WHAT THE TASK REQUIRES —
Would you write out the entries below, every one of them, exactly?
Top of SUPPLIED DATA
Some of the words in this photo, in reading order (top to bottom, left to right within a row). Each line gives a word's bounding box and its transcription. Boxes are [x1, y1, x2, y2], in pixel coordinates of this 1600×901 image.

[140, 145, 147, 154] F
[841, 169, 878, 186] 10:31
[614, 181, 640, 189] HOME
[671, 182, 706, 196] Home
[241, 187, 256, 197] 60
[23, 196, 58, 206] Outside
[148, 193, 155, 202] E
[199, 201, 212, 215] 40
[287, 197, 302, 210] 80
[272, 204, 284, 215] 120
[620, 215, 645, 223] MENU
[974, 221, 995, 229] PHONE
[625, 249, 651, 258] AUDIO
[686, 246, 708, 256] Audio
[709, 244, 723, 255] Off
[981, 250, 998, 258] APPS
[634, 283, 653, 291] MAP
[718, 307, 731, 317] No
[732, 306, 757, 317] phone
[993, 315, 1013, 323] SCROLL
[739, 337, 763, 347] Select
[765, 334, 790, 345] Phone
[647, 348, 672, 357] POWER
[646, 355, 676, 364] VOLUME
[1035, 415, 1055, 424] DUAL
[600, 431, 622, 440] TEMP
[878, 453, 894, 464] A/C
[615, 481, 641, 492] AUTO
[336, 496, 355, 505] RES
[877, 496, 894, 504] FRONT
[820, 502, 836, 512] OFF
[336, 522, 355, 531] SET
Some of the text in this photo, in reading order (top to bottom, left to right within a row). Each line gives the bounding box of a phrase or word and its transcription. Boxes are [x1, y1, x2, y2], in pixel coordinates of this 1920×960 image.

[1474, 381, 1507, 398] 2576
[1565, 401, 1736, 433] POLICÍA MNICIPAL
Bottom of SUPPLIED DATA
RESULT FOR THIS TASK —
Some of the words in this photo, in reading order (top to bottom, left to right within a row). Each line gives a word's bounding box and its transcription. Boxes are [x1, y1, x2, y2], in pixel coordinates of this 1600×901 image.

[140, 145, 147, 154] F
[841, 169, 878, 186] 10:31
[614, 181, 640, 189] HOME
[671, 182, 706, 196] Home
[241, 187, 256, 197] 60
[23, 196, 58, 206] Outside
[148, 193, 155, 202] E
[199, 201, 212, 215] 40
[287, 197, 302, 210] 80
[272, 204, 284, 215] 120
[620, 215, 645, 223] MENU
[974, 221, 995, 229] PHONE
[625, 249, 651, 258] AUDIO
[686, 246, 708, 256] Audio
[709, 244, 723, 255] Off
[981, 250, 998, 258] APPS
[634, 283, 653, 291] MAP
[718, 307, 731, 317] No
[732, 306, 757, 317] phone
[993, 315, 1013, 323] SCROLL
[739, 337, 763, 347] Select
[765, 334, 790, 345] Phone
[647, 348, 672, 357] POWER
[646, 355, 676, 364] VOLUME
[1035, 415, 1055, 424] DUAL
[600, 431, 622, 440] TEMP
[878, 453, 894, 464] A/C
[615, 481, 641, 492] AUTO
[336, 496, 355, 505] RES
[877, 496, 894, 504] FRONT
[820, 502, 836, 512] OFF
[336, 522, 355, 531] SET
Some of the text in this photo, in reading order (top to bottom, left to right within a row). Each line gives the bounding box of a phrase or word and its transcription. Boxes are [x1, y1, x2, y2], in pixel coordinates of this 1920×960 image.

[1474, 381, 1507, 398] 2576
[1565, 401, 1736, 433] POLICÍA MNICIPAL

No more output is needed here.